Childress Klein – Jon Wilson
- Written by: Mary Raitt Jordan
- Produced by: Matthew Warner
- Estimated reading time: 3 mins
While Jon Wilson found his love of construction early on in his career, 14 years ago this Wisconsin native was looking for a change of scenery. When someone mentioned the word “lake” in reference to North Carolina, that’s all he had to hear.
Bags packed, in 2006 Wilson and his family headed south, where he took a construction management position at Charlotte, North Carolina-based Childress Klein, one of the largest private, full-service real estate companies in the Southeast.
Despite complications from the COVID-19 pandemic, construction is busier than ever. Taking the necessary precautions to keep workers safe and healthy, Wilson says CK has weathered the storm, recently finishing three industrial warehouses—which he calls the company’s “bread and butter.”
Bread and butter
Founded in 1988, the company has established a well-earned reputation for building high-rises, dynamic mixed-use developments, and multifamily properties across the Southeast.
Wilson became involved in the industrial market of the company which focuses on the development of multiple-sized industrial buildings for lease. Most recently, his team completed a 364,000-square-foot distribution center in Charleston, South Carolina. It’s CK’s fifth building on a 335-acre complex that the firm first started working on in 2007.
Two other projects—each in Charlotte—were 212,000- and 240,000- square-foot industrial buildings. All the properties are in various stages of securing tenants.
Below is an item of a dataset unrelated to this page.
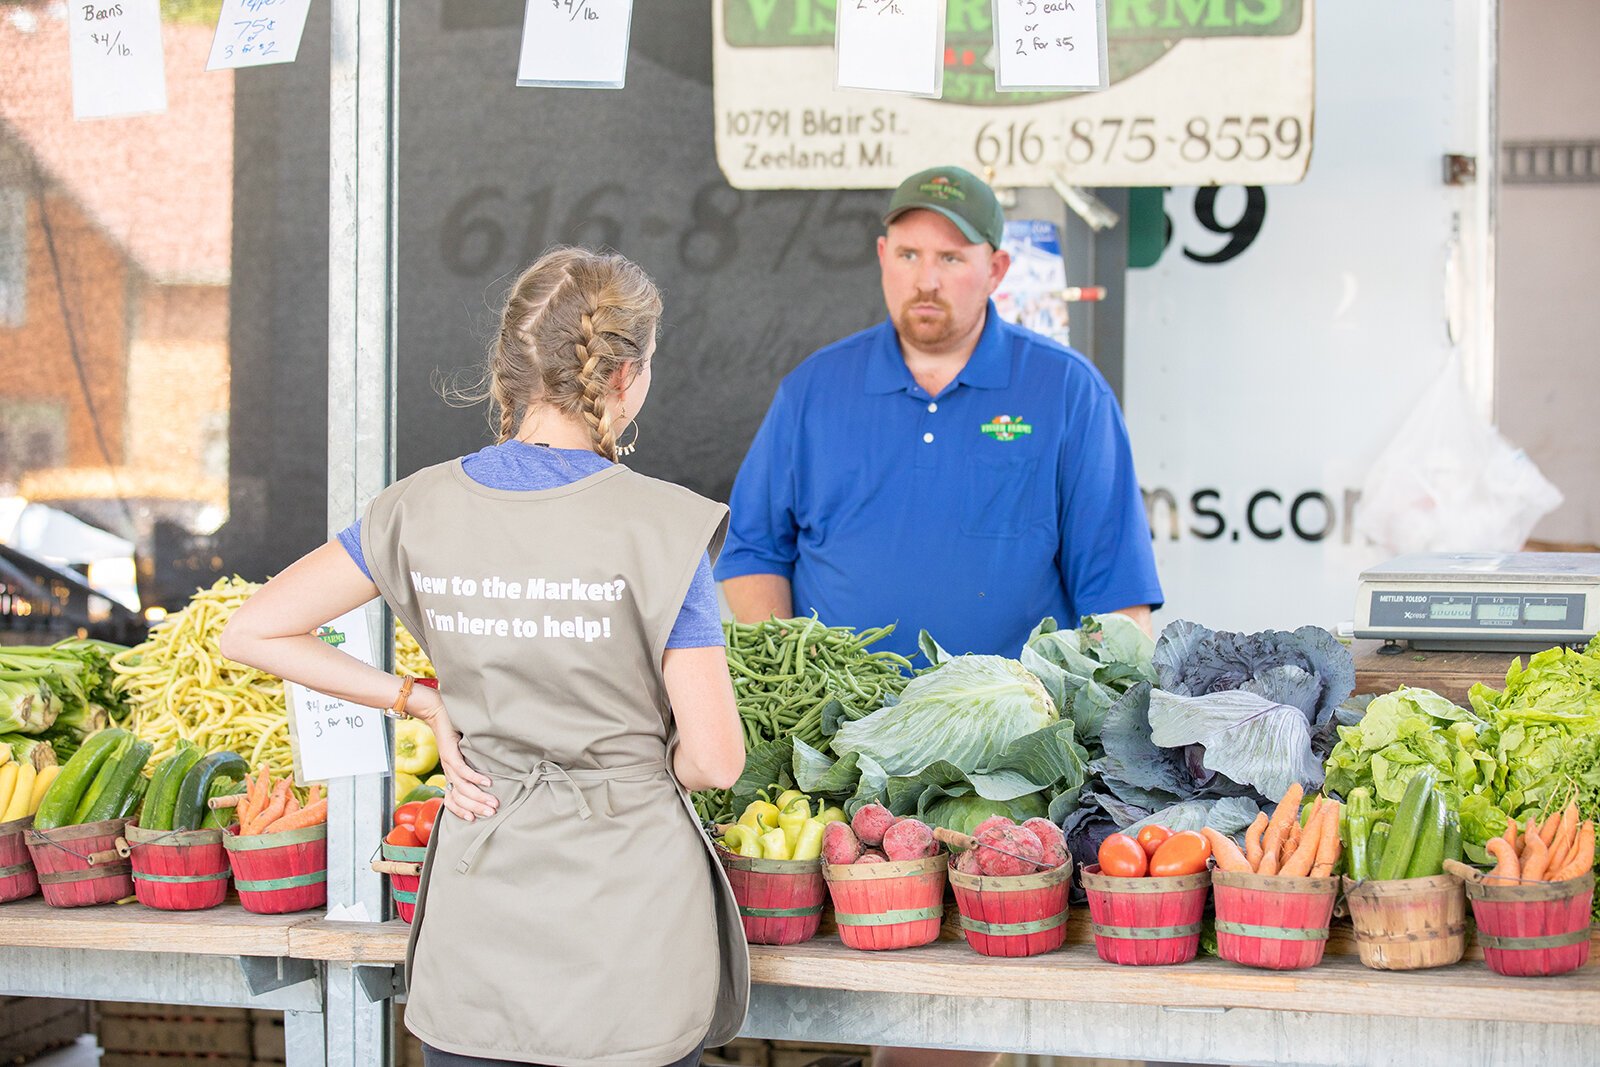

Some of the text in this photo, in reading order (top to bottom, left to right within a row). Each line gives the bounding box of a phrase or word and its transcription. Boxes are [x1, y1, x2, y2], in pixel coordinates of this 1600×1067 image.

Like most of its other industrial buildings, these properties will be used for distribution, storage, or light manufacturing. This construction model typically includes a front-facing office and storefront—ranging from 1,500 to 25,000 square feet of space—with an open, scalable storage space behind, ranging from 10,000 to hundreds of thousands of square feet.
In the warehouse section, each space has 30- to 32-foot tall ceilings, ready for tenant storage racks, pallet areas and rear overhead dock doors that can accommodate deliveries from semi-tractor-trailer trucks. Tenants in other properties have ranged from a swimming pool services company to retail powerhouse Amazon.
Still, Wilson says it has been a practice at CK since the 1980s to develop, build, and ultimately hold on to a large portfolio of industrial properties. This involves not only acquiring land, but actively master planning the next phases of development, as well as mapping out and engineering future projects. This in-depth process includes reviewing entitlements and zoning, mitigating wetlands, and developing a plan for infrastructure and road access.
“We are anticipating getting the latest land planning squared away so the company can make the next steps in short order to be ready for when the next construction cycle hits,” Wilson says. “It’s all a part of the plan to add value for tenants, as the ultimate concern is for the customer.”
That mentality of being ready to advance on the next project—regardless of any challenges—is a skill Wilson says he cultivated as a student at the Milwaukee School of Engineering.
In 1995, with a love of constructing and diploma in hand, he immediately took a construction management position at a design and build company specializing in cold storage, in order to build his experience. He followed that with a position at The Redmond Company which was a general contractor and a developer of grocery stores and pharmacies. At Redmond, the urge to learn more of the business side of development segued into an MBA program at DeVry University’s Keller Graduate School of Management.
About the time Wilson finished up his MBA in 2006, the CK position opened and, as he says, “all the pieces fell into place.” Ten years later he was promoted to director of construction.
“It worked out well,” Wilsons says. “All of my experience prepared me for what I’m doing now. I can look at any project through the lens of construction, developer and owner, understanding the nuts and bolts of what happens behind the scenes, as well as what it takes to transition any project from the front end to completion.”